Das Multimodale Konzept – der erste Schritt der Adipositasbehandlung
„Eine gründliche Anamnese und ein intensives Gespräch mit dem Patienten stehen immer am Anfang der Behandlung“, sagt Prof. Dr. Metin Senkal, Leiter des Adipositaszentrum Witten und Chefarzt der Klinik für Allgemein- und Viszeralchirurgie des Marien Hospital Witten. „Unverzichtbar in der Behandlung von Adipositas ist außerdem das Multimodale Konzept, das auch Frau Schmidt sechs Monate lang durchlaufen hat“, so Prof. Senkal weiter. Das Multimodale Konzept (MMK) umfasst eine Ernährungsumstellung, eine Bewegungstherapie sowie den Besuch bei einer Adipositas-Selbsthilfegruppe und bei einem Psychologen. Ziel ist es, mit Unterstützung die bisherigen Lebensgewohnheiten zu ändern.

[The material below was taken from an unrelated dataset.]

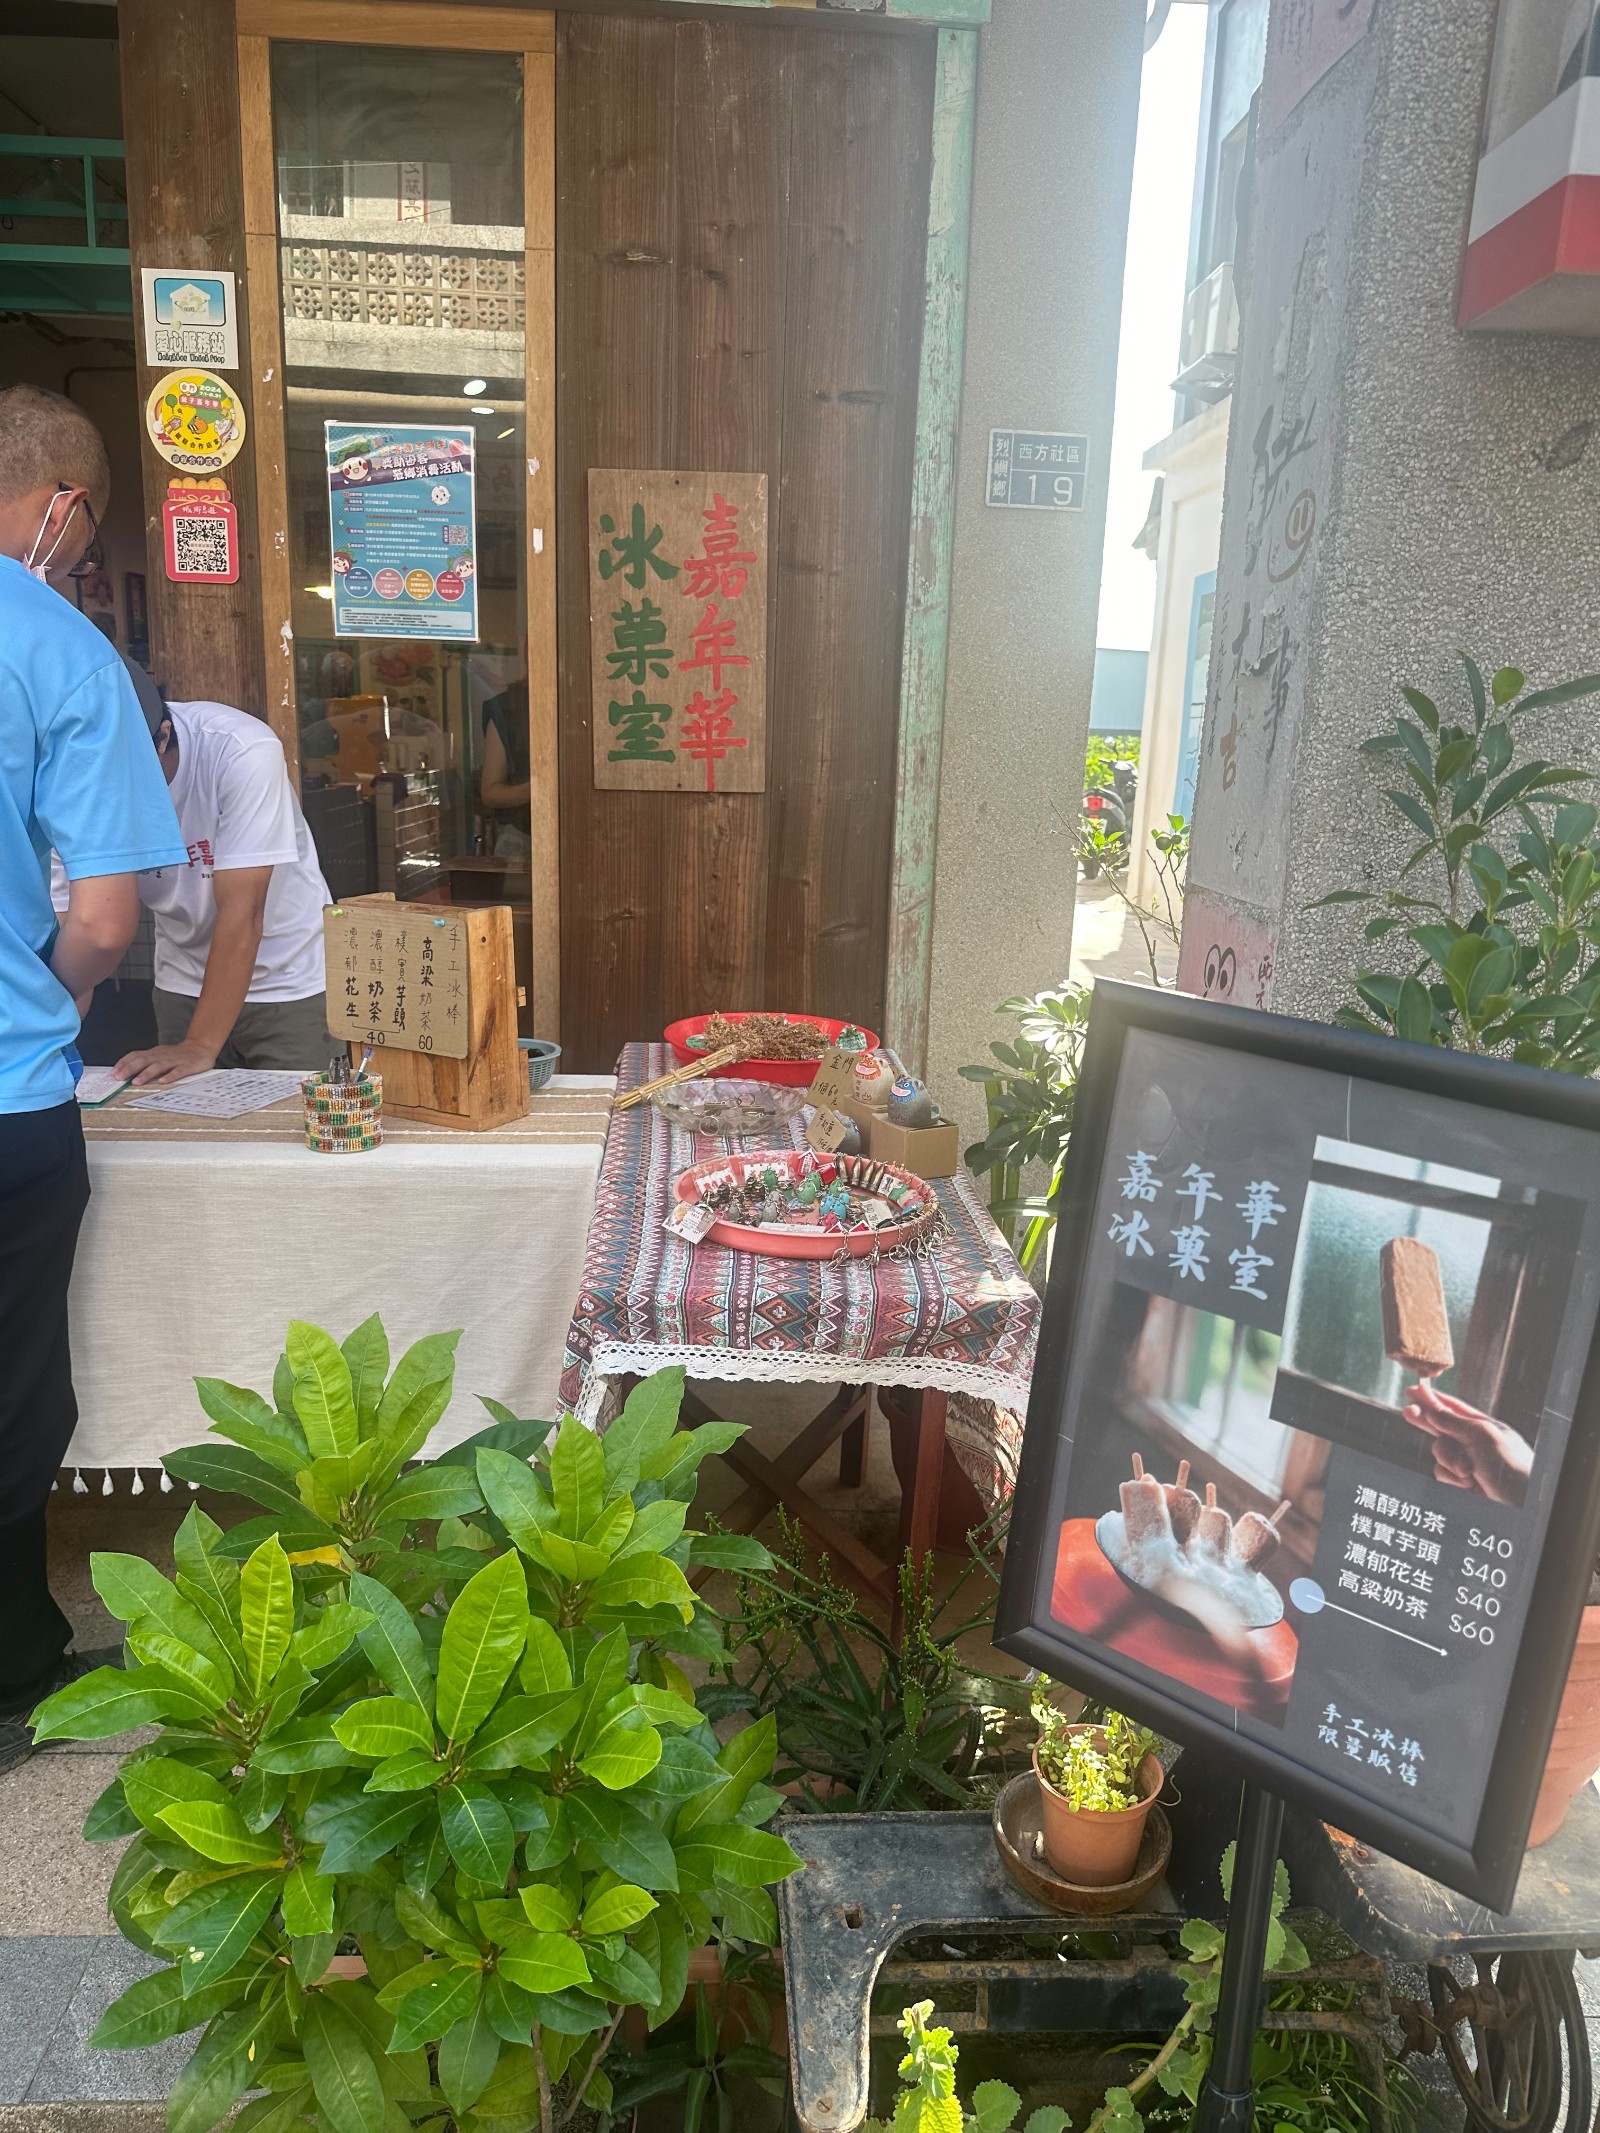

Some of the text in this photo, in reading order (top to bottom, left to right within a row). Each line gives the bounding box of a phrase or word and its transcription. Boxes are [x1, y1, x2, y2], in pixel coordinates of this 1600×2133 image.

Individuell angepasste Operation
„Durch das Multimodale Konzept habe ich bereits 20 Kilo abgenommen“, erzählt die 36-Jährige. Der erste Schritt war damit gemacht. Bei einem ausführlichen Gespräch erläuterte Prof. Senkal die Vor- und Nachteile der unterschiedlichen Operationsmethoden. Gemeinsam entschloss man sich dann für den Omega-Bypass, einer Kombination aus einer Schlauchmagen- und einer „großen“ Bypass-Operation. Dabei wird am Mageneingang ein kleiner, schlauchförmiger Teil des Magens vom übrigen Magen abgetrennt. Dieser Teil ist länger als bei einem „großen“ Bypass und wird pouch, aus dem Englischen für Beutel, genannt. Der Magenpouch wird anschließend mit dem Dünndarm so verbunden, dass die Nahrung erst verspätet mit den Verdauungssäften zusammenkommt. Rund 2 Meter des Dünndarmes werden so umgangen. „Der Vorteil dieser Operationsvariante ist, dass sie minimal-invasiv, also per Schlüsselloch-Technik durchgeführt werden kann. Durch die Nahrungsumgehung des oberen Dünndarms wird außerdem ein Diabetes mellitus Typ II positiv beeinflusst und häufig vorliegendes Sodbrennen behandelt“, erläutert der Chefarzt.